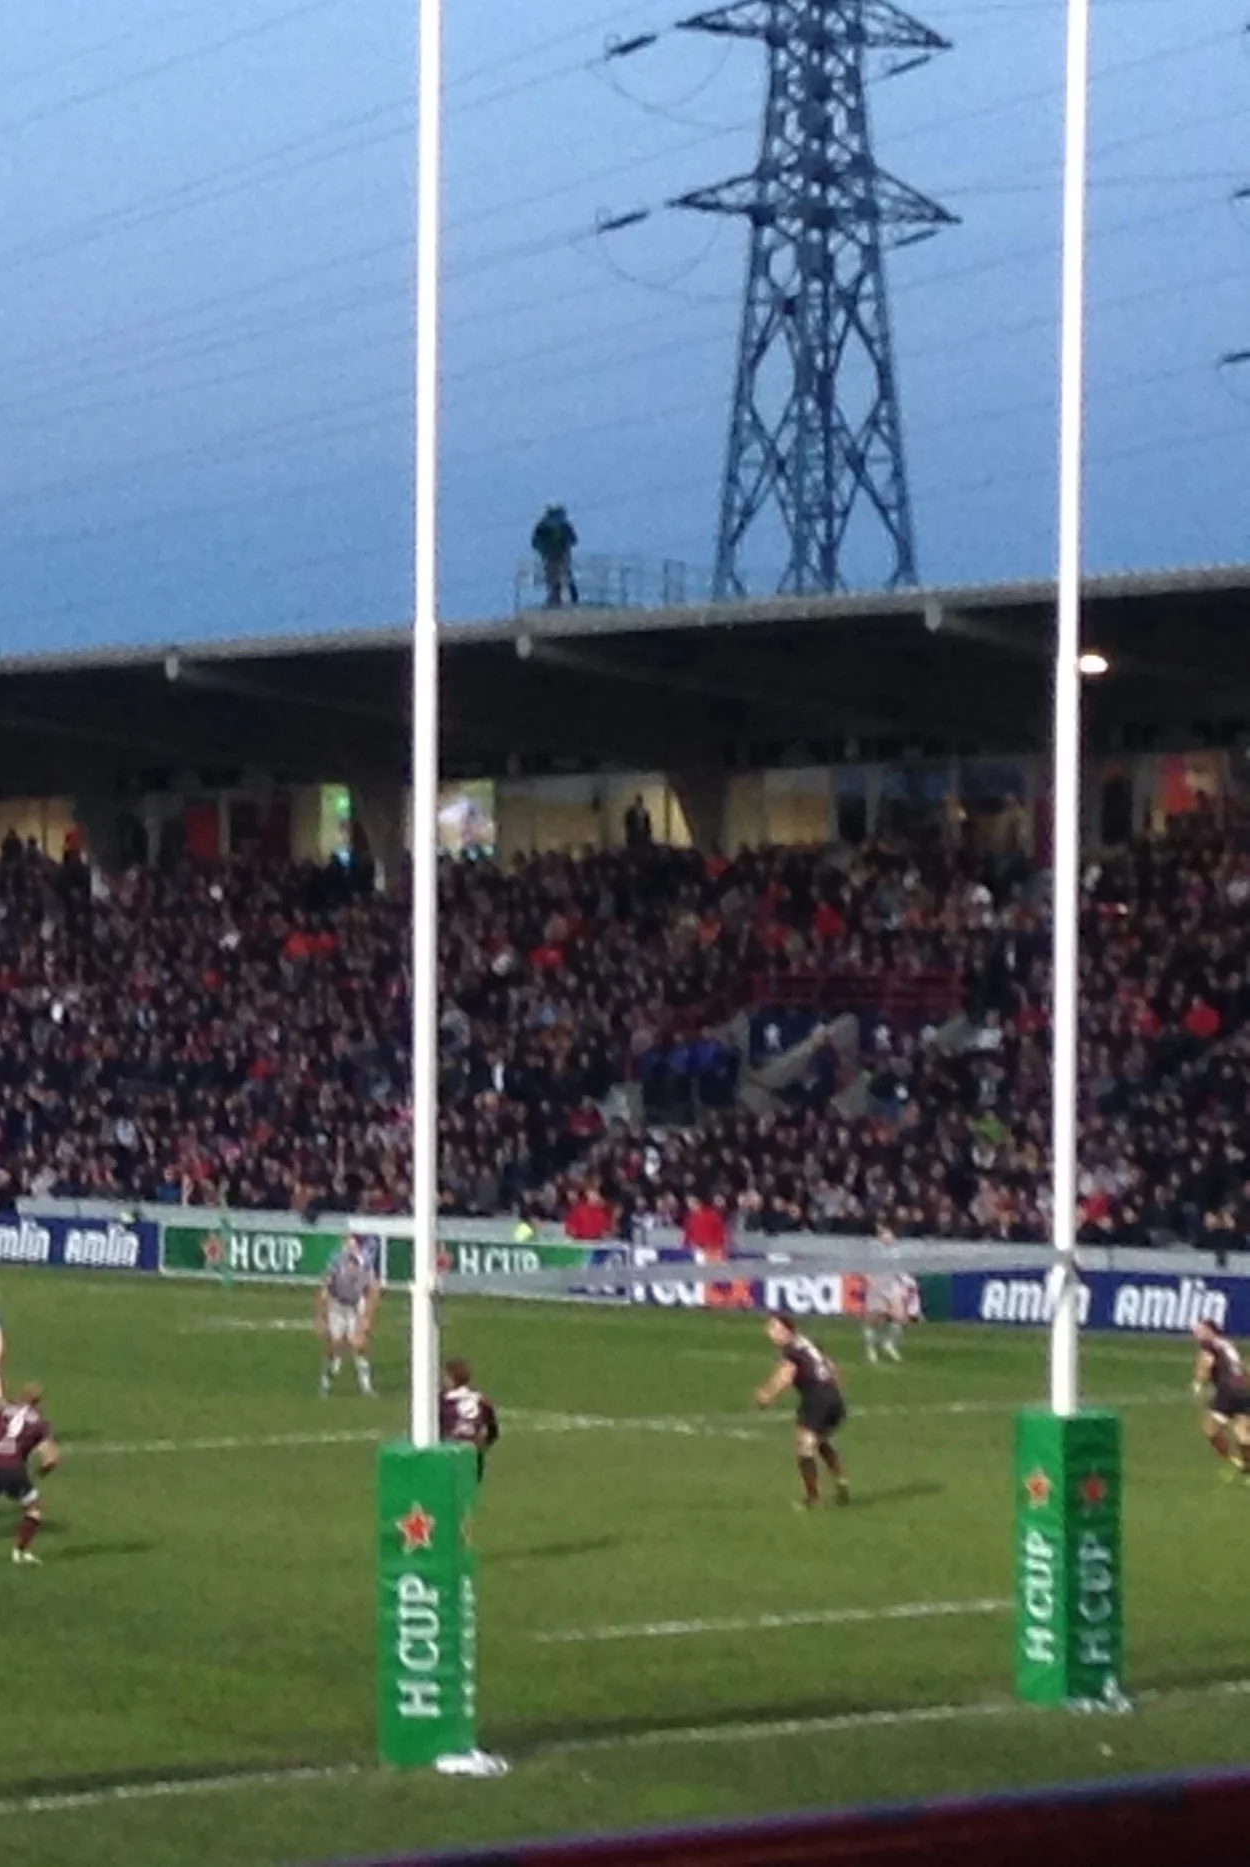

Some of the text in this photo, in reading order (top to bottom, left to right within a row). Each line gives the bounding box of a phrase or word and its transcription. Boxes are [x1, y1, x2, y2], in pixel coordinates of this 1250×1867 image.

[230, 1233, 303, 1273] H CUP
[458, 1243, 479, 1277] H
[397, 1571, 441, 1719] H CUP
[1023, 1528, 1055, 1665] H CUP
[1077, 1532, 1113, 1664] H CUP
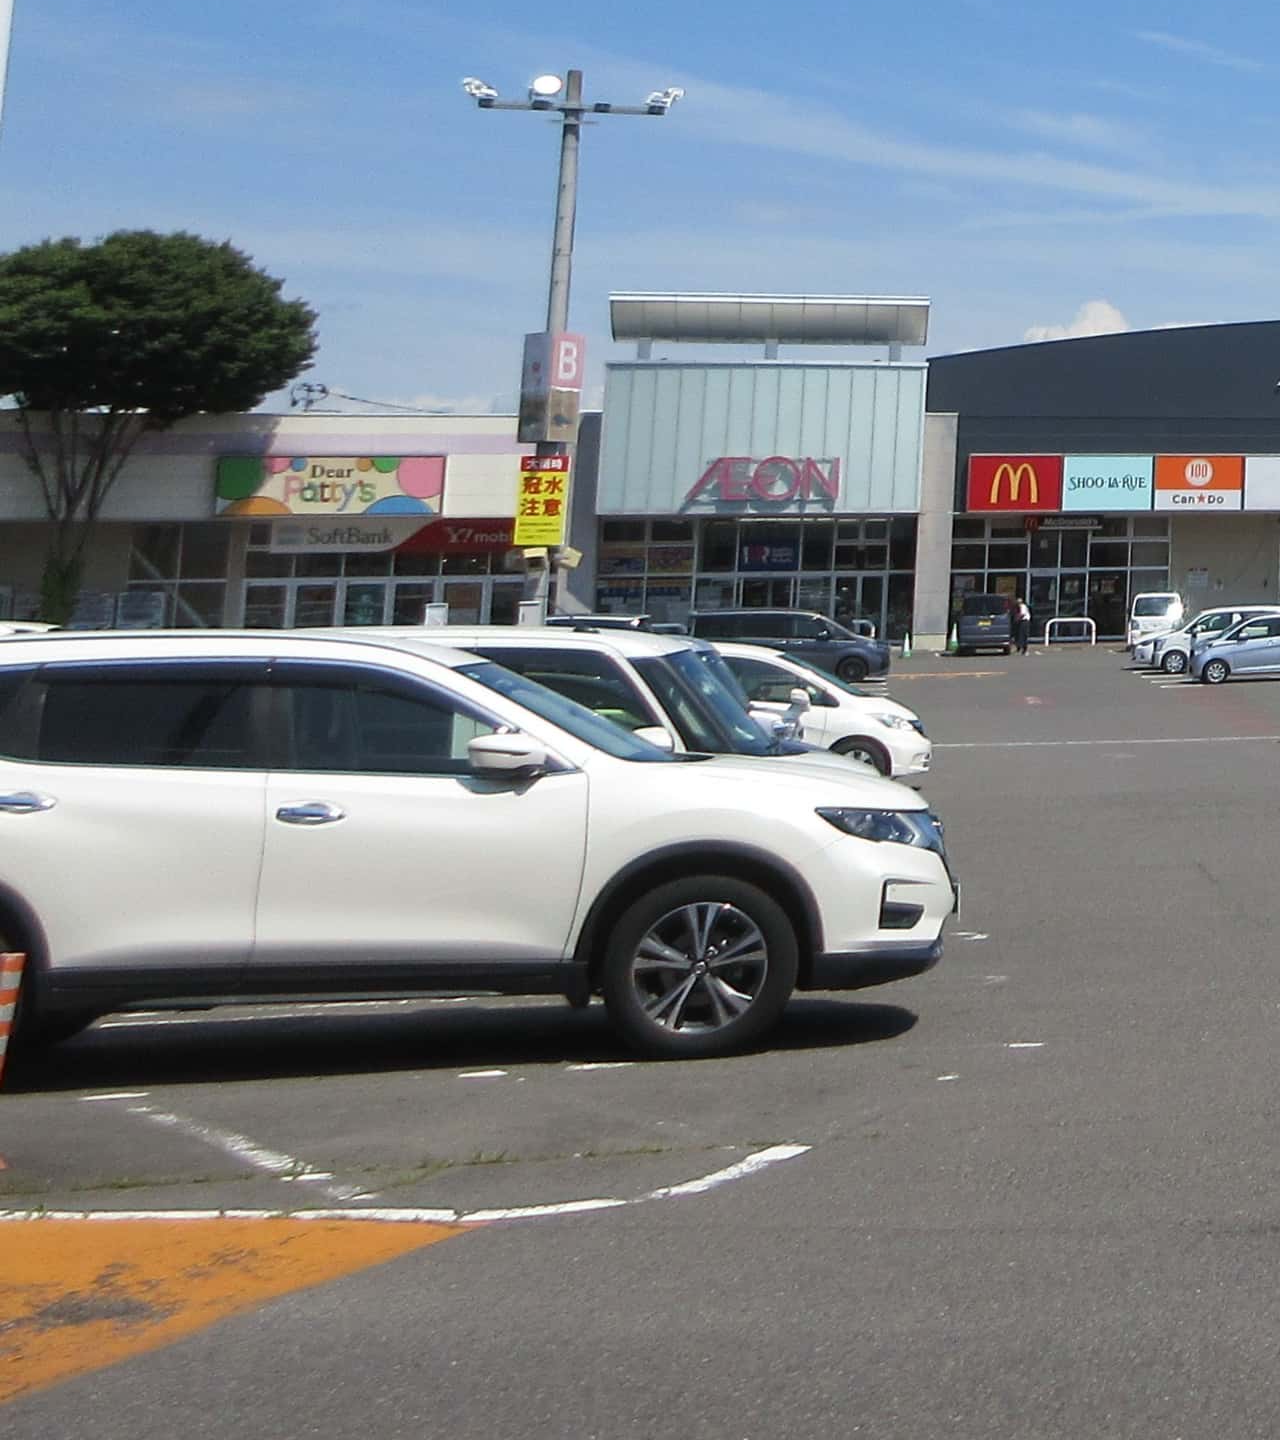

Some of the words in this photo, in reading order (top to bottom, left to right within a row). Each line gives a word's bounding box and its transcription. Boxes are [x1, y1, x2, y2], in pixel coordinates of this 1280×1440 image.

[558, 341, 577, 380] B
[311, 464, 354, 479] Dear
[284, 475, 376, 512] Patty's
[522, 476, 564, 495] 冠水
[520, 498, 562, 517] 注意
[306, 527, 392, 545] SoftBank

═══

Required work - Return the complete material above exactly, with no picture.

Response -
Some of the text in this photo, in reading order (top to bottom, left to right within a row). Each line gives the bounding box of a phrase or word and its transcription. Boxes are [x1, y1, x2, y2], in pixel coordinates of this 1250×1867 image.

[230, 1233, 303, 1273] H CUP
[458, 1243, 479, 1277] H
[397, 1571, 441, 1719] H CUP
[1023, 1528, 1055, 1665] H CUP
[1077, 1532, 1113, 1664] H CUP

Some of the words in this photo, in reading order (top to bottom, left to right within a row). Each line gives a word's bounding box and its transcription. Boxes are [x1, y1, x2, y2], in pixel coordinates of this 1280×1440 image.

[558, 341, 577, 380] B
[311, 464, 354, 479] Dear
[284, 475, 376, 512] Patty's
[522, 476, 564, 495] 冠水
[520, 498, 562, 517] 注意
[306, 527, 392, 545] SoftBank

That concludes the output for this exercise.